Beginning with the line that contains "this 1280×1280 image." and ending with the line that contains "this 1250×1750 image.", reproduce the lines of the entries below exactly, omitting pictures.

▸ **DATA TO PROCESS**:
________________

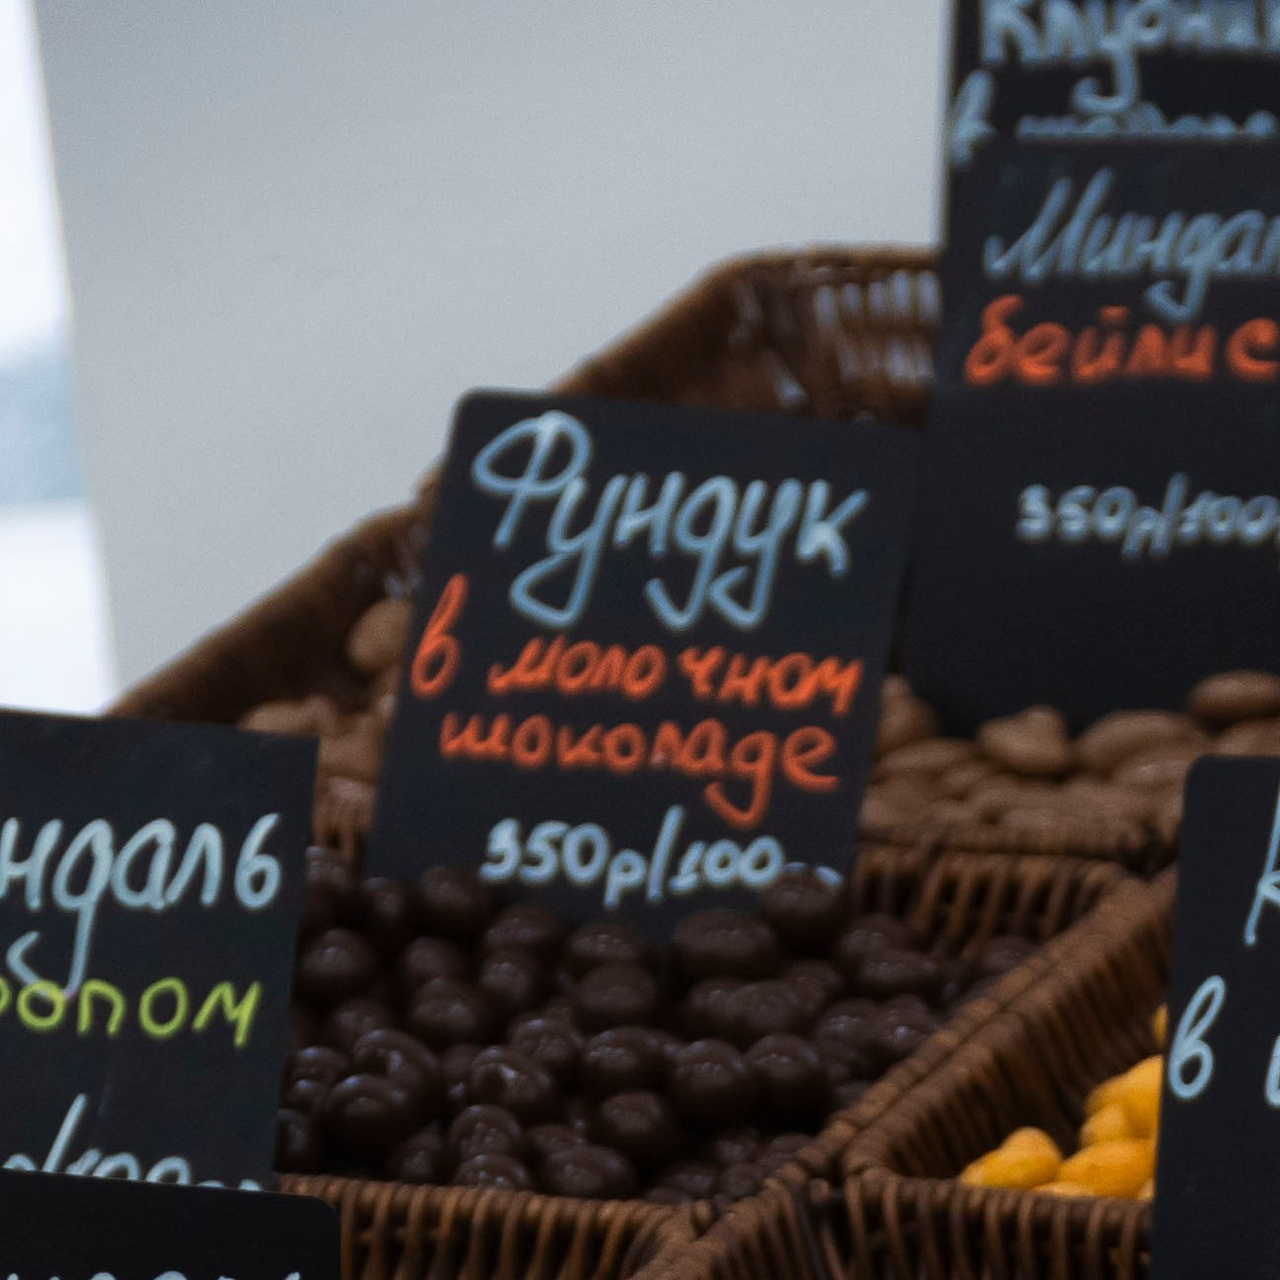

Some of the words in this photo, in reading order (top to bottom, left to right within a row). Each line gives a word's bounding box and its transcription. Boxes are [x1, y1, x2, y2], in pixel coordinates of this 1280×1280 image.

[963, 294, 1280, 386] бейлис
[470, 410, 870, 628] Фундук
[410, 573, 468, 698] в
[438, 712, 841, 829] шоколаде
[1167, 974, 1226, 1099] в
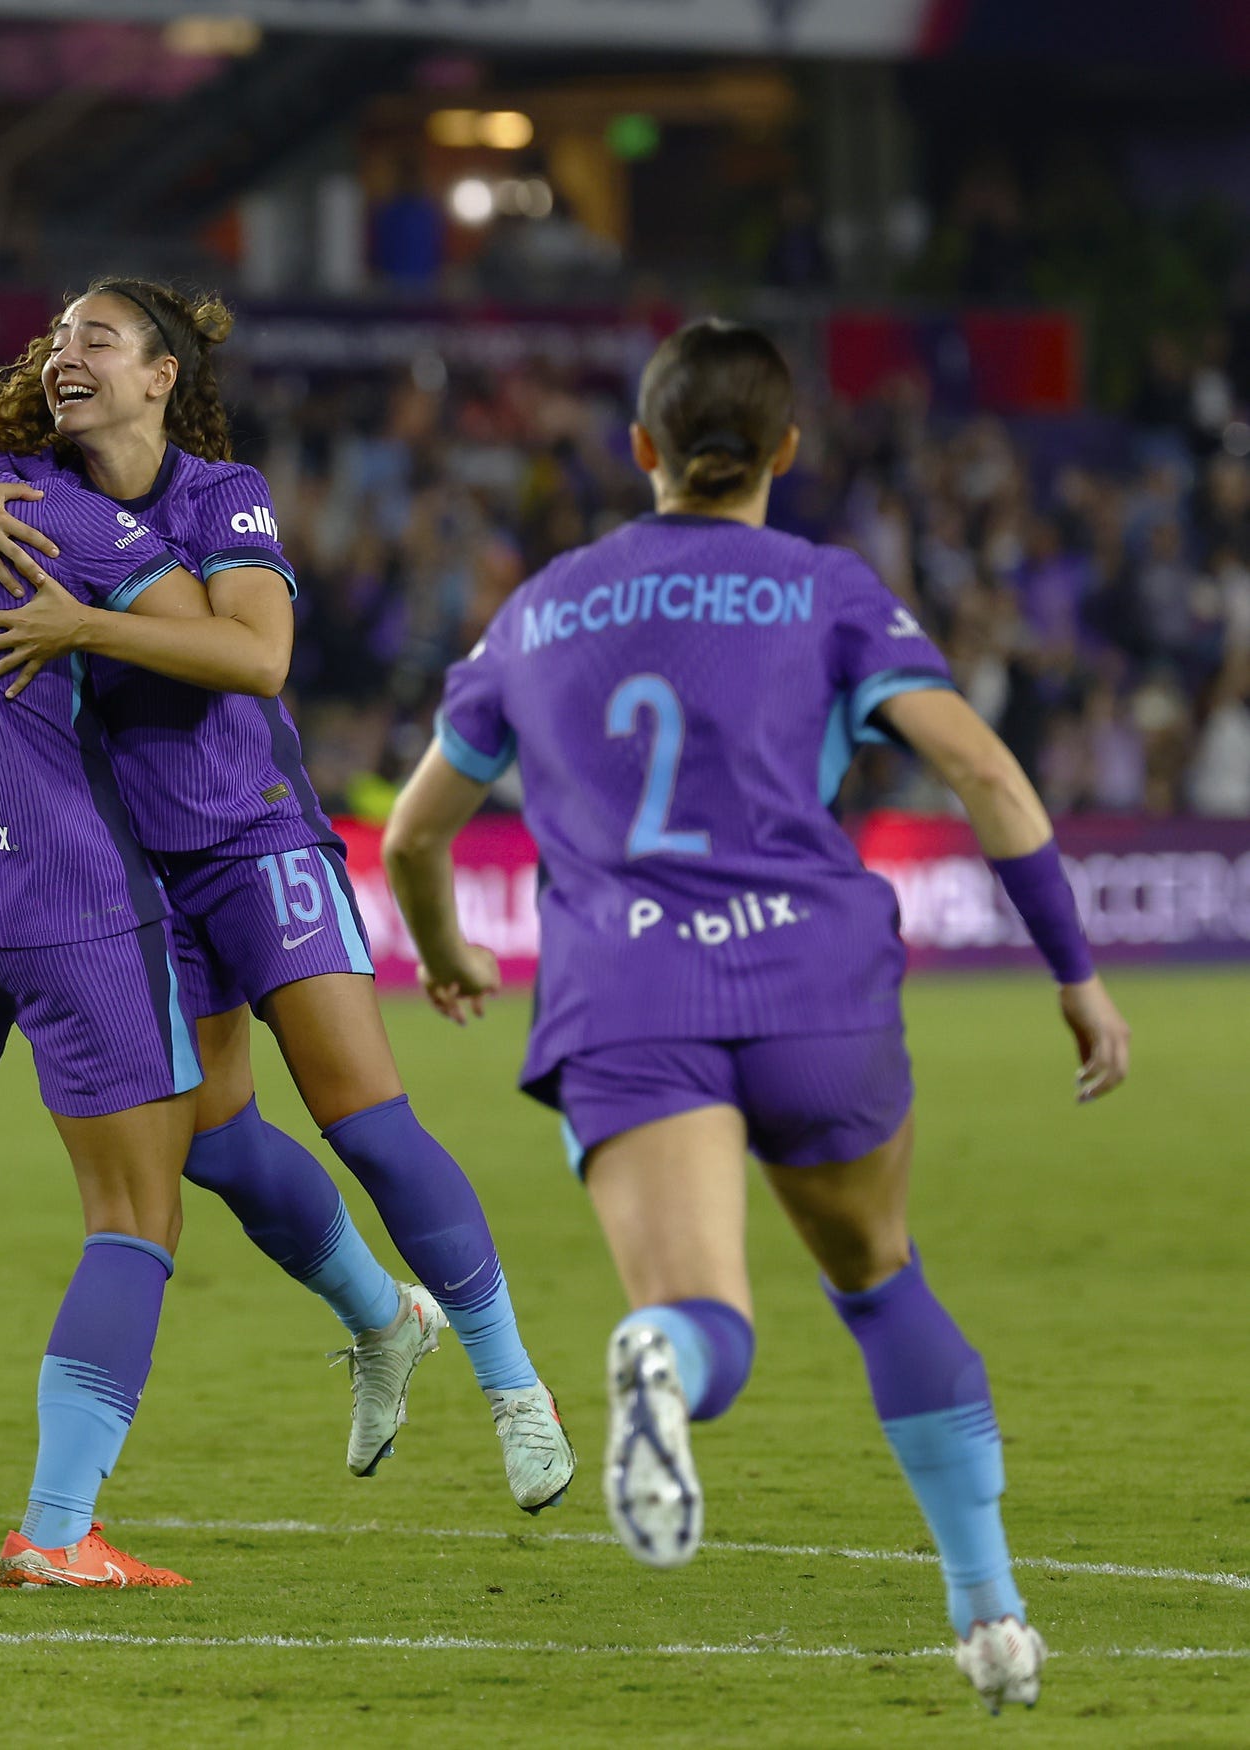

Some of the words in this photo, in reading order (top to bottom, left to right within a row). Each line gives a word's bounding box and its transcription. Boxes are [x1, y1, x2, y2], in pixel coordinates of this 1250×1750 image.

________________

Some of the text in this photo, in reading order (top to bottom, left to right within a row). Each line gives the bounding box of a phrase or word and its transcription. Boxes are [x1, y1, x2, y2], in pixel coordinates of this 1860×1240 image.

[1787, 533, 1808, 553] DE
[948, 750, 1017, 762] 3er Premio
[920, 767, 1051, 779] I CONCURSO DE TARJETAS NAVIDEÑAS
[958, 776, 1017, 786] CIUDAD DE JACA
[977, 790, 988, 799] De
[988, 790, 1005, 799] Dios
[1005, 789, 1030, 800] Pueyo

________________

▸ **RESULT FOR THIS EXERCISE**:
Some of the words in this photo, in reading order (top to bottom, left to right within a row). Each line gives a word's bounding box and its transcription. Boxes are [x1, y1, x2, y2], in pixel coordinates of this 1280×1280 image.

[963, 294, 1280, 386] бейлис
[470, 410, 870, 628] Фундук
[410, 573, 468, 698] в
[438, 712, 841, 829] шоколаде
[1167, 974, 1226, 1099] в

Some of the words in this photo, in reading order (top to bottom, left to right within a row). Each line gives a word's bounding box and its transcription. Boxes are [x1, y1, x2, y2], in pixel coordinates of this 1250×1750 image.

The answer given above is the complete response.